* EXERCISE DETAILS *
Exact copy, no pictures: set down every entry below as written.

----- DATASET RECORDS

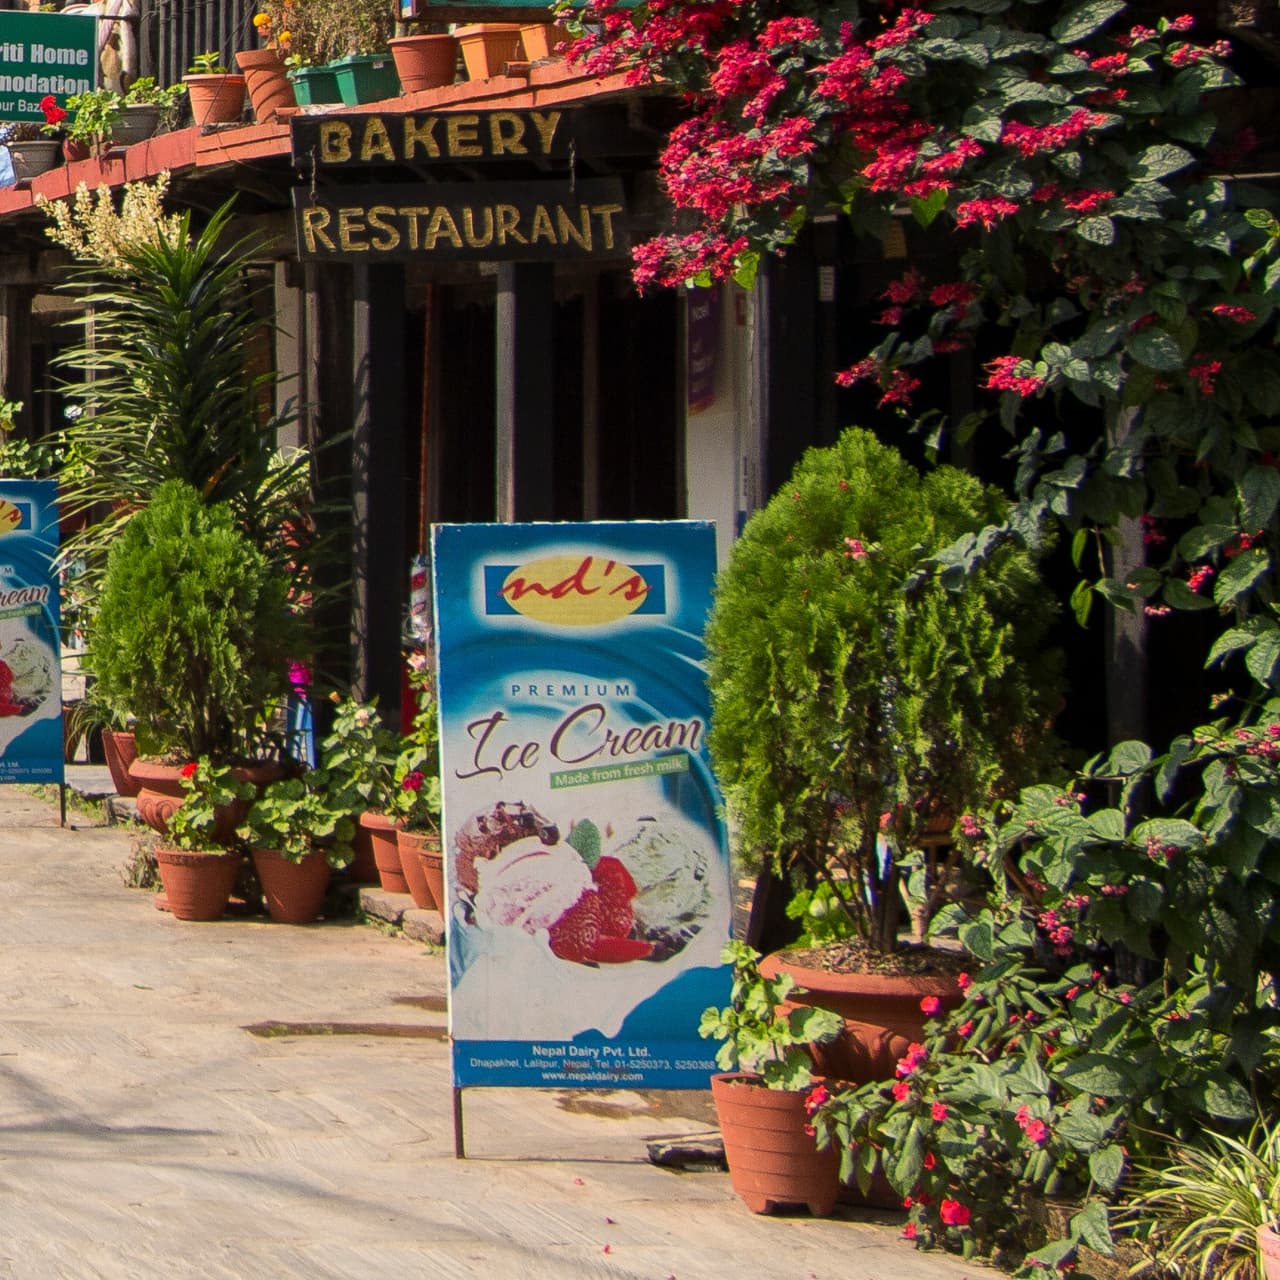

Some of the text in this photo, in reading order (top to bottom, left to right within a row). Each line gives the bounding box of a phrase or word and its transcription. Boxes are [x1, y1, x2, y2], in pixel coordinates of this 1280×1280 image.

[30, 44, 89, 66] Home
[320, 111, 561, 163] BAKERY
[303, 203, 623, 253] RESTAURANT
[497, 555, 653, 601] nd's
[512, 684, 631, 697] PREMIUM
[455, 703, 702, 780] Ice Cream
[555, 758, 683, 786] Made from fresh milk
[532, 1045, 651, 1059] Nepal Dairy Pvt. Ltd.
[542, 1072, 644, 1083] www.nepaldairy.com
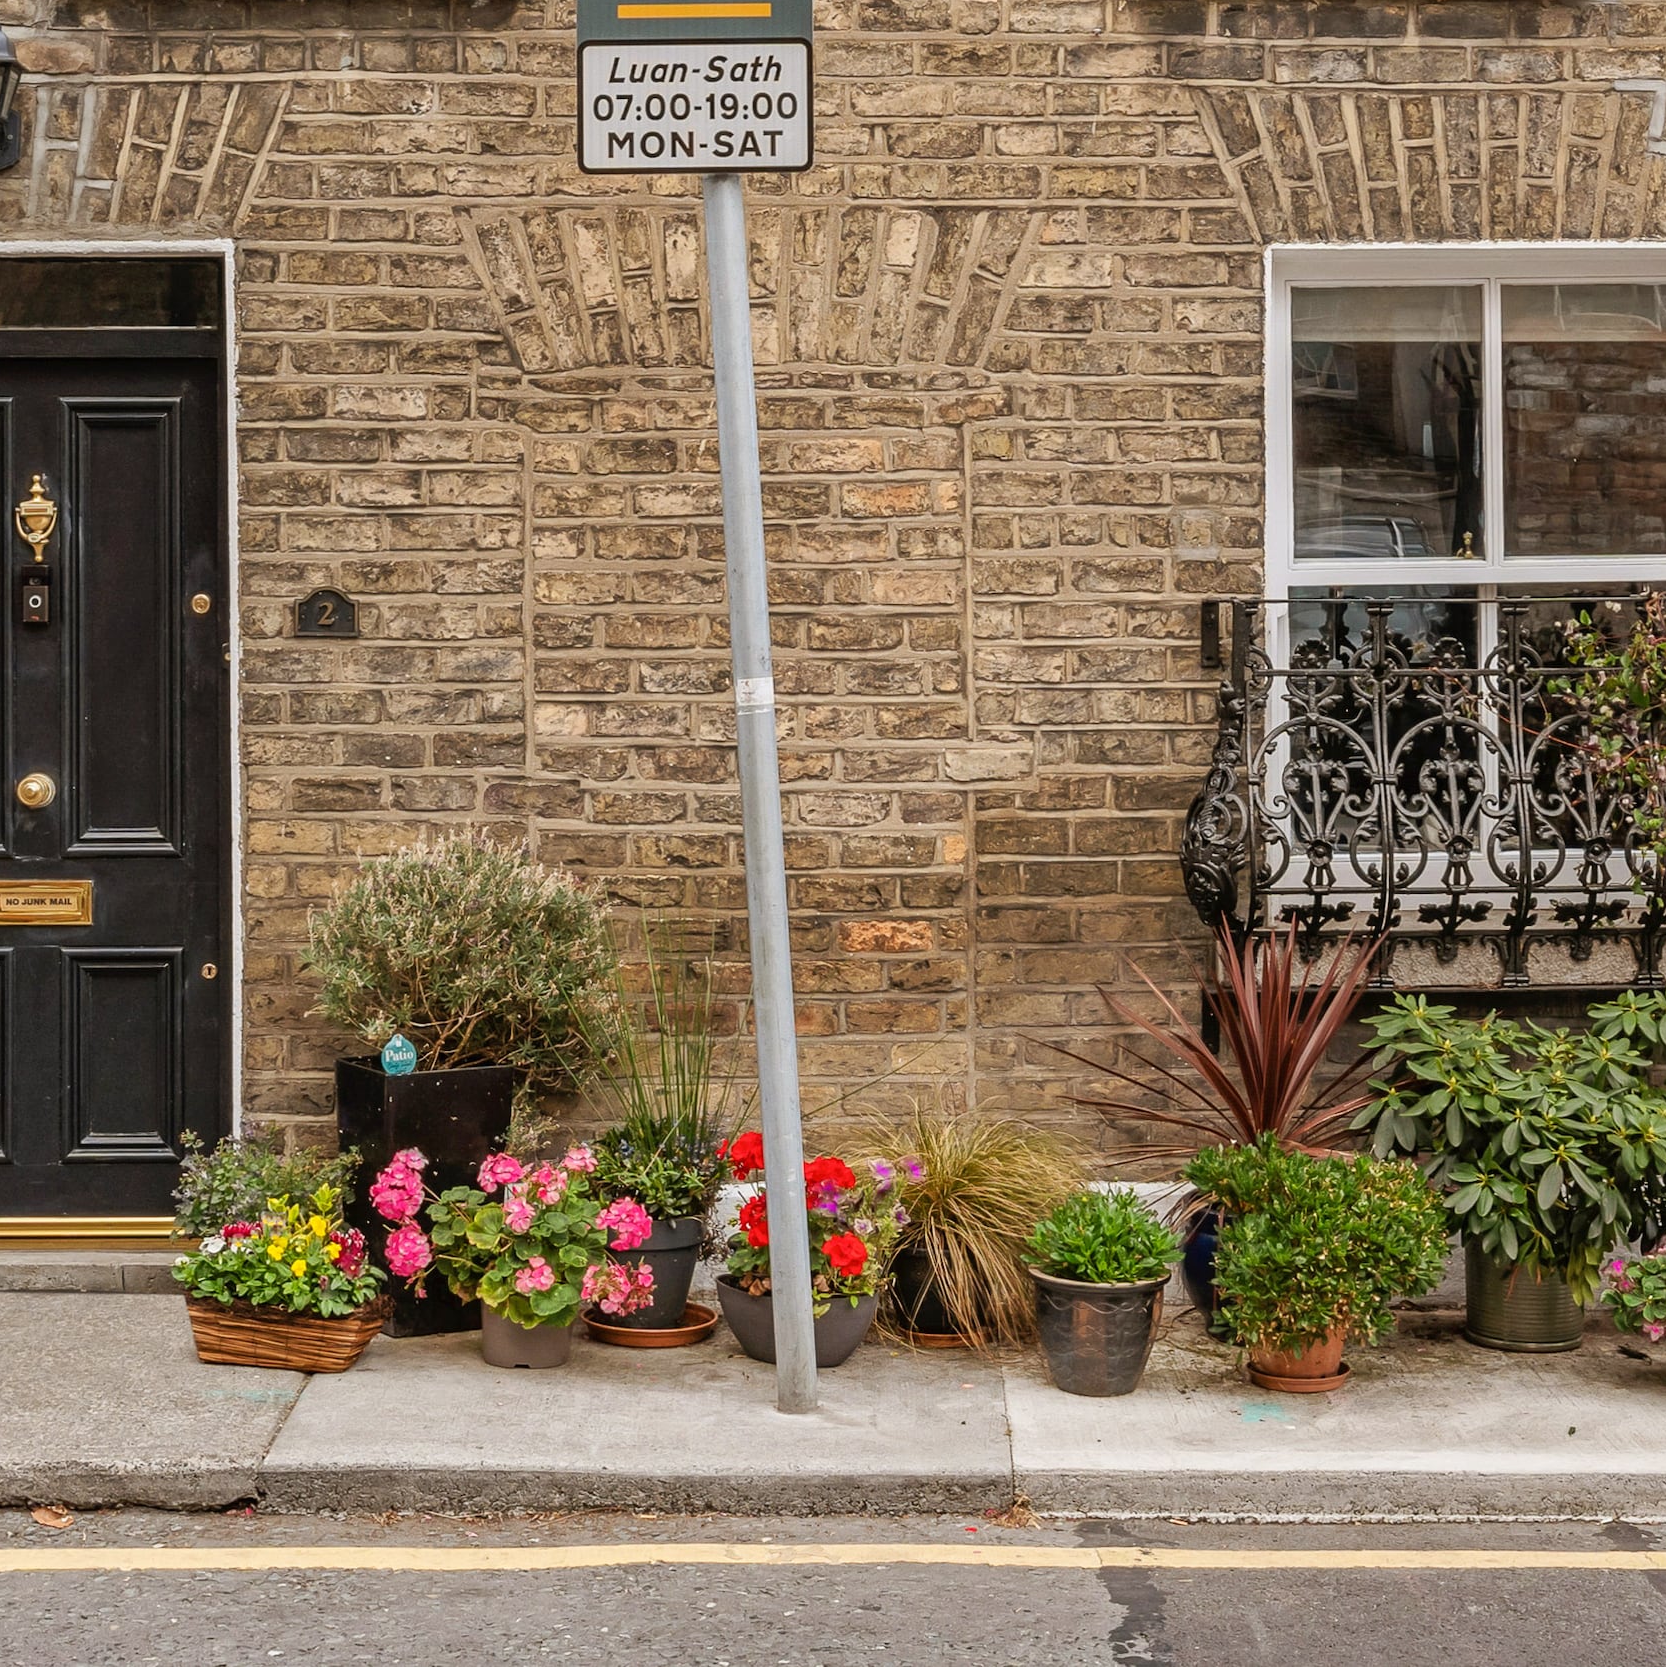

----------

* WRITTEN REPLY *
Some of the text in this photo, in reading order (top to bottom, left to right within a row). Each line gives the bounding box of a phrase or word and its transcription. Boxes are [x1, y1, x2, y2], in pixel coordinates of this 1280×1280 image.

[30, 44, 89, 66] Home
[320, 111, 561, 163] BAKERY
[303, 203, 623, 253] RESTAURANT
[497, 555, 653, 601] nd's
[512, 684, 631, 697] PREMIUM
[455, 703, 702, 780] Ice Cream
[555, 758, 683, 786] Made from fresh milk
[532, 1045, 651, 1059] Nepal Dairy Pvt. Ltd.
[542, 1072, 644, 1083] www.nepaldairy.com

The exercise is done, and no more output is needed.